Action item
Repeat the data that follows in full. Do not include the pictures.

Text-to-region grounding data:

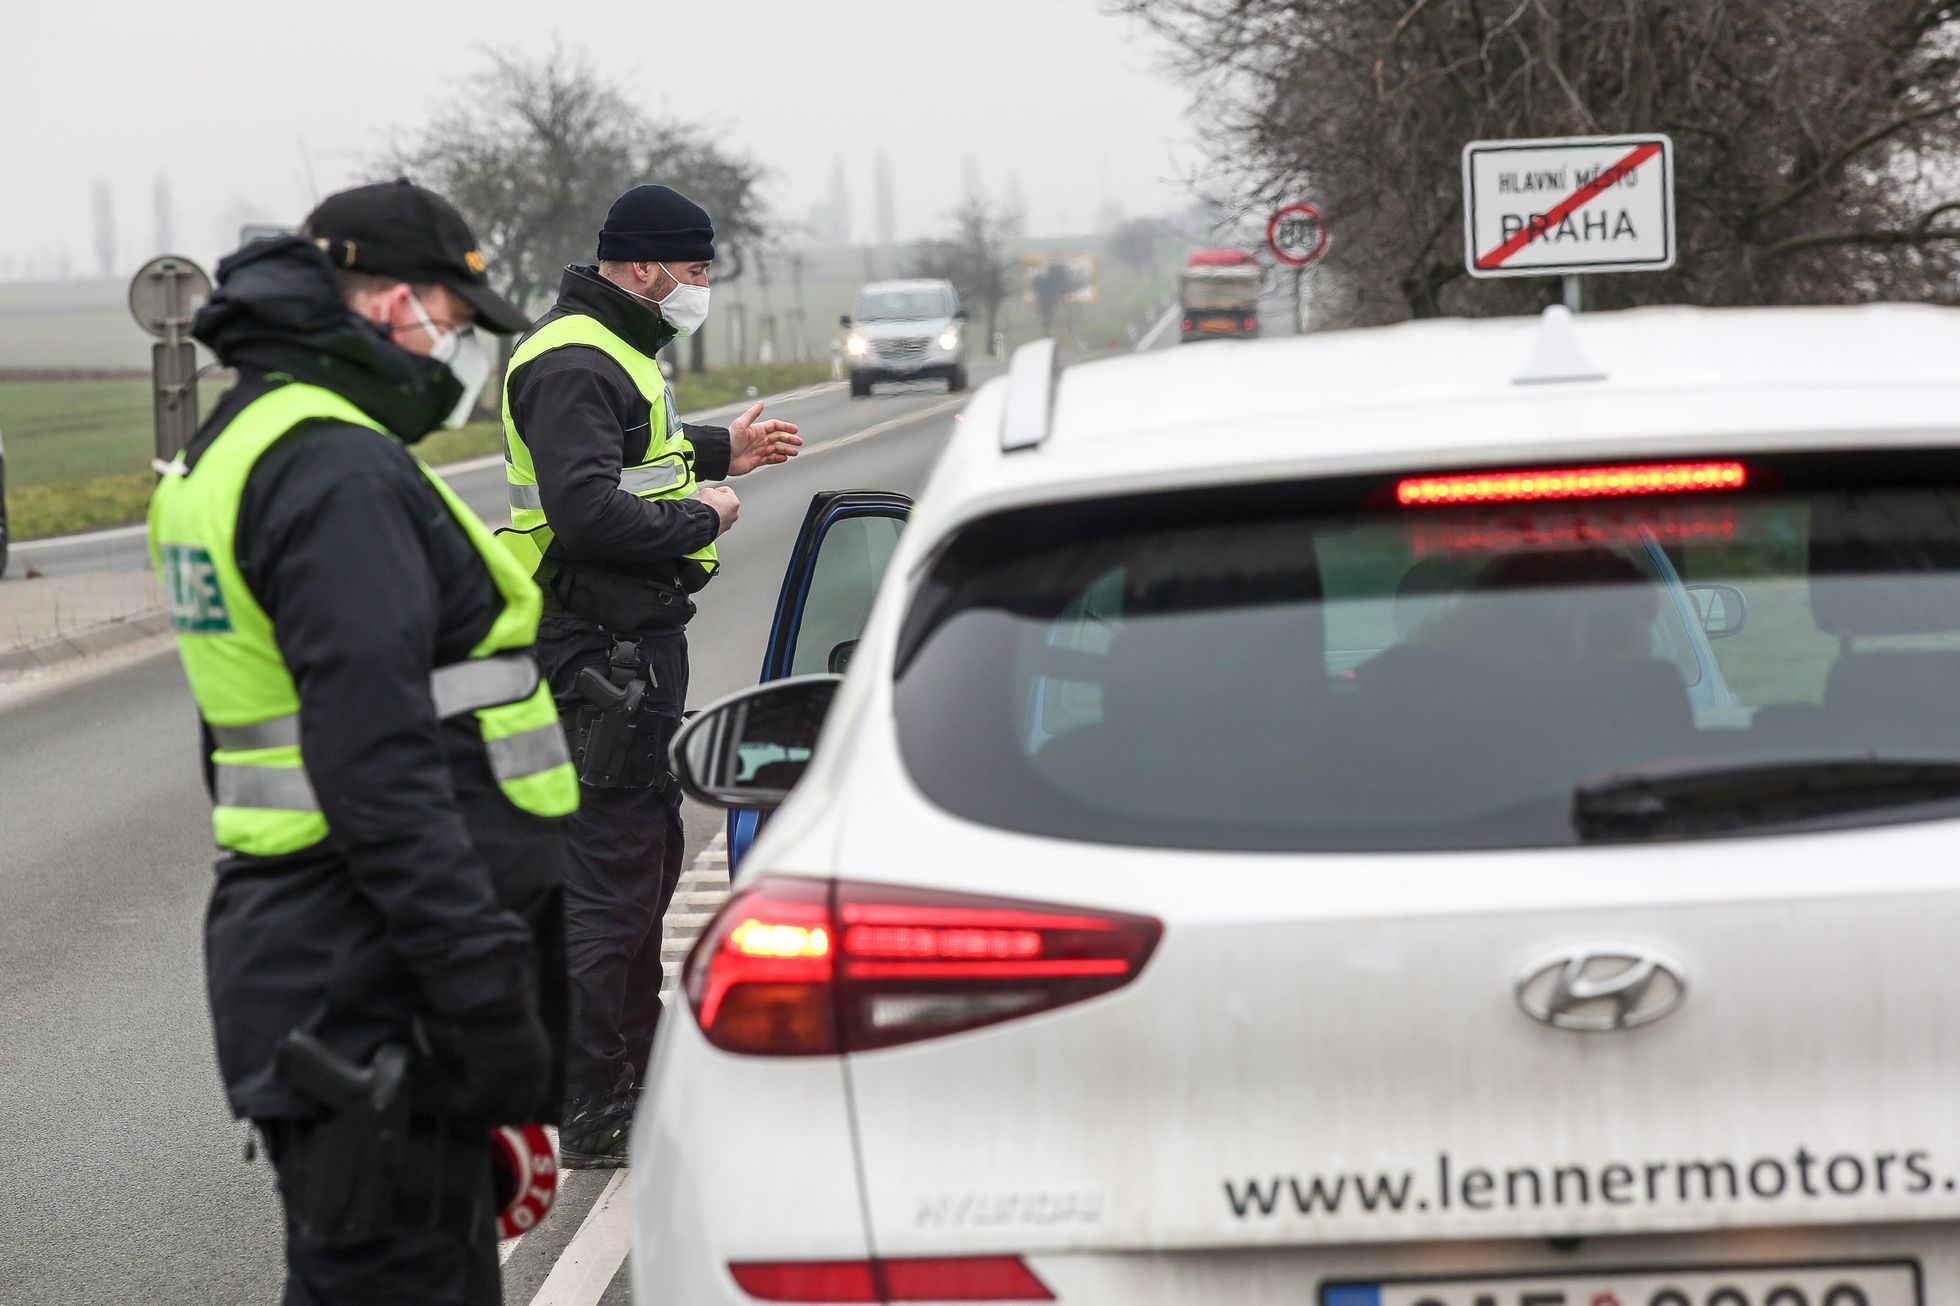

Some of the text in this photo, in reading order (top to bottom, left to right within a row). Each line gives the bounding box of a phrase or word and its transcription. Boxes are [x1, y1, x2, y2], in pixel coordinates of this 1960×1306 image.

[1498, 164, 1567, 193] HLAVNÍ
[1501, 210, 1637, 246] PRAHA
[497, 1154, 556, 1239] STO
[1224, 1145, 1956, 1217] www.lennermotors.

Answer to this exercise
Some of the text in this photo, in reading order (top to bottom, left to right within a row). Each line gives the bounding box of a phrase or word and its transcription. Boxes are [x1, y1, x2, y2], in pixel coordinates of this 1960×1306 image.

[1498, 164, 1567, 193] HLAVNÍ
[1501, 210, 1637, 246] PRAHA
[497, 1154, 556, 1239] STO
[1224, 1145, 1956, 1217] www.lennermotors.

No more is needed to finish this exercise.